[Spatial localization data]
● ● ● ●

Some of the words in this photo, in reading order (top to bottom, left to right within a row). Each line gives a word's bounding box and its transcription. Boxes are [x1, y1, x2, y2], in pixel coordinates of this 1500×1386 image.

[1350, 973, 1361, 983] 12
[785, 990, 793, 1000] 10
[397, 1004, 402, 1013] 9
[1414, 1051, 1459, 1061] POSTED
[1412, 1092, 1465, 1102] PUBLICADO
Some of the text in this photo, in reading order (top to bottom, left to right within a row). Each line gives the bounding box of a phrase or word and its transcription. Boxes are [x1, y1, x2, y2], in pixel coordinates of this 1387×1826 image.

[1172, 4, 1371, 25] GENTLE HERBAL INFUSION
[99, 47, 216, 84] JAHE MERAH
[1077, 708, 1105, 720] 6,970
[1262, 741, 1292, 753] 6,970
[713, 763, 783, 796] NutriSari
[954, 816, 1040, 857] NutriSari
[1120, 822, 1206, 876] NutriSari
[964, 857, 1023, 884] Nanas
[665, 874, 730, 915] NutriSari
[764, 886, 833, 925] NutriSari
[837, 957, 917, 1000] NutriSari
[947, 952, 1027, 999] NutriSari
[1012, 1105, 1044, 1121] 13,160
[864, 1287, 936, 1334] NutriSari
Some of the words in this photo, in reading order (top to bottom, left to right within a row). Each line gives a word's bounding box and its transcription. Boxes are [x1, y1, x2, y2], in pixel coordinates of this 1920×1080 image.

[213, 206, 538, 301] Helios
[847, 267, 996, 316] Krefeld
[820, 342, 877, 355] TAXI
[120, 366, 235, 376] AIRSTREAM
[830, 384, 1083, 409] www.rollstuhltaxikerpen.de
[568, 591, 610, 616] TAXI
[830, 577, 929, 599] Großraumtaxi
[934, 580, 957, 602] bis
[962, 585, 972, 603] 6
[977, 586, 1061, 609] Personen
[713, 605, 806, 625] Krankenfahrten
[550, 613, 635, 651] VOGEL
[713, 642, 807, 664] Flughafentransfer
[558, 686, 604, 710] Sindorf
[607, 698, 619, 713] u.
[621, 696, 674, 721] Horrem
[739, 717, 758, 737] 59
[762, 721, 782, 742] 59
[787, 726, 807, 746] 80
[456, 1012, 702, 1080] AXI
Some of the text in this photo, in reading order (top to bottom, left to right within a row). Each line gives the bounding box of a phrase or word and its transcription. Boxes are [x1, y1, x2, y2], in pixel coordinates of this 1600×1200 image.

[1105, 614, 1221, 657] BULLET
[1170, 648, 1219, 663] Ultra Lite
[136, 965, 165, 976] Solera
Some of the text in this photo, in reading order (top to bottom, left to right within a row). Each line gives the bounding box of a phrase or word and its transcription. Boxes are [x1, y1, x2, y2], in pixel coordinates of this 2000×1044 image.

● ● ● ●

# [DIRECTIONS]
Return the data above in full. Keep every line exactly as it is.

# [EXERCISE RESPONSE]
Some of the words in this photo, in reading order (top to bottom, left to right within a row). Each line gives a word's bounding box and its transcription. Boxes are [x1, y1, x2, y2], in pixel coordinates of this 1500×1386 image.

[1350, 973, 1361, 983] 12
[785, 990, 793, 1000] 10
[397, 1004, 402, 1013] 9
[1414, 1051, 1459, 1061] POSTED
[1412, 1092, 1465, 1102] PUBLICADO
Some of the text in this photo, in reading order (top to bottom, left to right within a row). Each line gives the bounding box of a phrase or word and its transcription. Boxes are [x1, y1, x2, y2], in pixel coordinates of this 1387×1826 image.

[1172, 4, 1371, 25] GENTLE HERBAL INFUSION
[99, 47, 216, 84] JAHE MERAH
[1077, 708, 1105, 720] 6,970
[1262, 741, 1292, 753] 6,970
[713, 763, 783, 796] NutriSari
[954, 816, 1040, 857] NutriSari
[1120, 822, 1206, 876] NutriSari
[964, 857, 1023, 884] Nanas
[665, 874, 730, 915] NutriSari
[764, 886, 833, 925] NutriSari
[837, 957, 917, 1000] NutriSari
[947, 952, 1027, 999] NutriSari
[1012, 1105, 1044, 1121] 13,160
[864, 1287, 936, 1334] NutriSari
Some of the words in this photo, in reading order (top to bottom, left to right within a row). Each line gives a word's bounding box and its transcription. Boxes are [x1, y1, x2, y2], in pixel coordinates of this 1920×1080 image.

[213, 206, 538, 301] Helios
[847, 267, 996, 316] Krefeld
[820, 342, 877, 355] TAXI
[120, 366, 235, 376] AIRSTREAM
[830, 384, 1083, 409] www.rollstuhltaxikerpen.de
[568, 591, 610, 616] TAXI
[830, 577, 929, 599] Großraumtaxi
[934, 580, 957, 602] bis
[962, 585, 972, 603] 6
[977, 586, 1061, 609] Personen
[713, 605, 806, 625] Krankenfahrten
[550, 613, 635, 651] VOGEL
[713, 642, 807, 664] Flughafentransfer
[558, 686, 604, 710] Sindorf
[607, 698, 619, 713] u.
[621, 696, 674, 721] Horrem
[739, 717, 758, 737] 59
[762, 721, 782, 742] 59
[787, 726, 807, 746] 80
[456, 1012, 702, 1080] AXI
Some of the text in this photo, in reading order (top to bottom, left to right within a row). Each line gives the bounding box of a phrase or word and its transcription. Boxes are [x1, y1, x2, y2], in pixel coordinates of this 1600×1200 image.

[1105, 614, 1221, 657] BULLET
[1170, 648, 1219, 663] Ultra Lite
[136, 965, 165, 976] Solera
Some of the text in this photo, in reading order (top to bottom, left to right within a row). Each line gives the bounding box of a phrase or word and its transcription. Boxes are [x1, y1, x2, y2], in pixel coordinates of this 2000×1044 image.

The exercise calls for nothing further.